» EXERCISE DIRECTIONS: In your answer, print each of the records below exactly.

(Stored data entries)
* * * * *

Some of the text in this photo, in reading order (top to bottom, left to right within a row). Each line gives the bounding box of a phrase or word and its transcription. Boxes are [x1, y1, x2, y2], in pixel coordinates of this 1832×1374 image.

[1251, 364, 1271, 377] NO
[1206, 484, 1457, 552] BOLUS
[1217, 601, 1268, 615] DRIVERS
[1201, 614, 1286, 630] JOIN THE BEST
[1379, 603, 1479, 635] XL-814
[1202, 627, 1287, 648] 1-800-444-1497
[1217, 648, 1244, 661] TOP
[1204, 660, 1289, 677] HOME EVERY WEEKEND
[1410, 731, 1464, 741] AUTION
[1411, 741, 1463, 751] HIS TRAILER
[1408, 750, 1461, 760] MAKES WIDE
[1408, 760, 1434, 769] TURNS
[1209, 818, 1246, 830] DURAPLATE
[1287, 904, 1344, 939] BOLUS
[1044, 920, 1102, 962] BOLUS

* * * * *

» ANSWER BOX:
Some of the text in this photo, in reading order (top to bottom, left to right within a row). Each line gives the bounding box of a phrase or word and its transcription. Boxes are [x1, y1, x2, y2], in pixel coordinates of this 1832×1374 image.

[1251, 364, 1271, 377] NO
[1206, 484, 1457, 552] BOLUS
[1217, 601, 1268, 615] DRIVERS
[1201, 614, 1286, 630] JOIN THE BEST
[1379, 603, 1479, 635] XL-814
[1202, 627, 1287, 648] 1-800-444-1497
[1217, 648, 1244, 661] TOP
[1204, 660, 1289, 677] HOME EVERY WEEKEND
[1410, 731, 1464, 741] AUTION
[1411, 741, 1463, 751] HIS TRAILER
[1408, 750, 1461, 760] MAKES WIDE
[1408, 760, 1434, 769] TURNS
[1209, 818, 1246, 830] DURAPLATE
[1287, 904, 1344, 939] BOLUS
[1044, 920, 1102, 962] BOLUS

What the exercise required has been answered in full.